Despite Market Carnage, Arena Sees Opportunity in Airlines, Oil, and Gas

The coronavirus pandemic has created “one of the most compelling investment environments” for aviation companies since 2001, CIO Dan Zwirn says.

Daniel Zwirn (Peter Foley/Bloomberg)

Daniel Zwirn

(Peter Foley/Bloomberg)

The aviation, oil, and gas industries have been inexorably changed.

Still, Dan Zwirn, chief executive and CIO of Arena Investors, believes they will be areas of future investment opportunities for the firm. In a letter to investors obtained by Institutional Investor, Zwirn wrote that aviation, oil, and gas “are areas that actually did experience permanent damage as a result of the virus.”

He believes that the current market environment presents one of the best opportunities for aviation companies since 2001. Adding to the the sector’s woes well before the virus hit, including overcapacity and high costs, the industry is now likely to permanently retire a broad range of older aircraft.

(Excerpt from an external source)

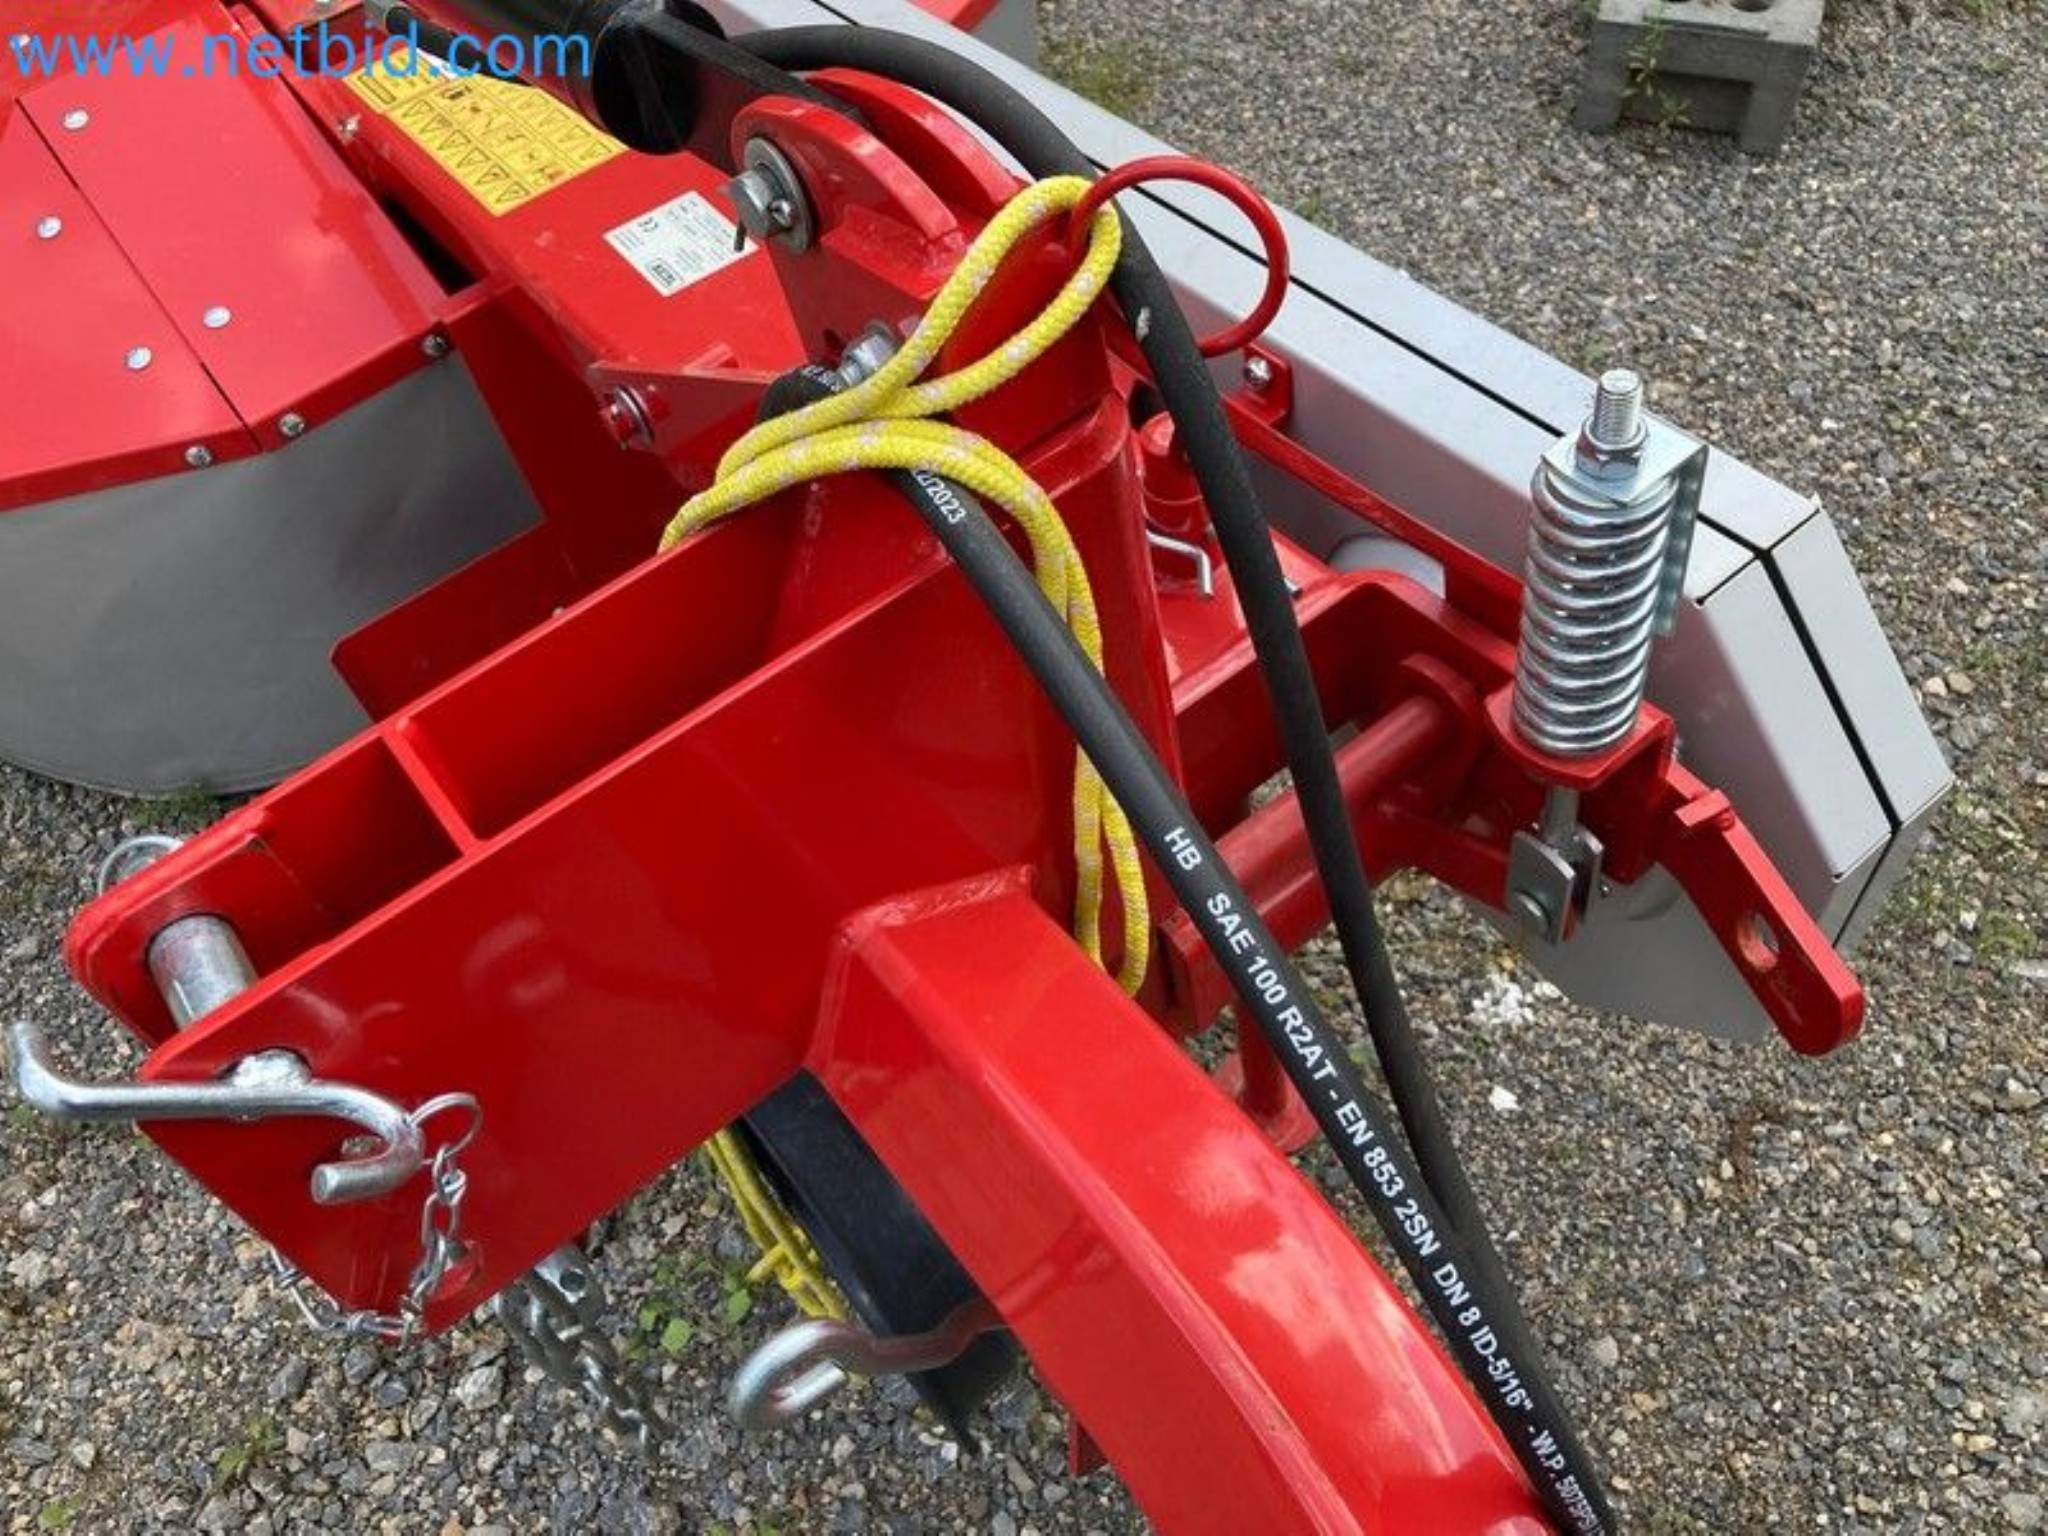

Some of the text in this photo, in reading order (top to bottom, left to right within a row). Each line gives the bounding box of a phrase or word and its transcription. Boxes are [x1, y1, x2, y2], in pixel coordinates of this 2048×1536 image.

“Airlines and lessors are desperately seeking to raise liquidity from asset sales and sale lease-backs, and many are not going to survive despite significant government assistance,” Zwirn wrote. A spokesman for Arena declined to comment on the letter.

Zwirn said that risk has already been re-priced in many sectors since the start of the global pandemic, but he believes more is coming. He also has plenty of criticism for government actions over the years.

“It is likely that ‘whatever it takes’ for global monetary authorities and governments would have been ultimately necessary given the severity of the pandemic. However, perhaps it had to be the first tool used because a decade of artificial rate suppression had left no other tools in the toolbox in addition to creating a massive asset and credit bubble the likes of which the world has never seen,” Zwirn wrote. “We have seen a level of currency debasement on a global scale that has rarely, if ever, occurred. The repercussions of this are difficult to predict, but any reasonable reading of economic history suggests they are daunting.”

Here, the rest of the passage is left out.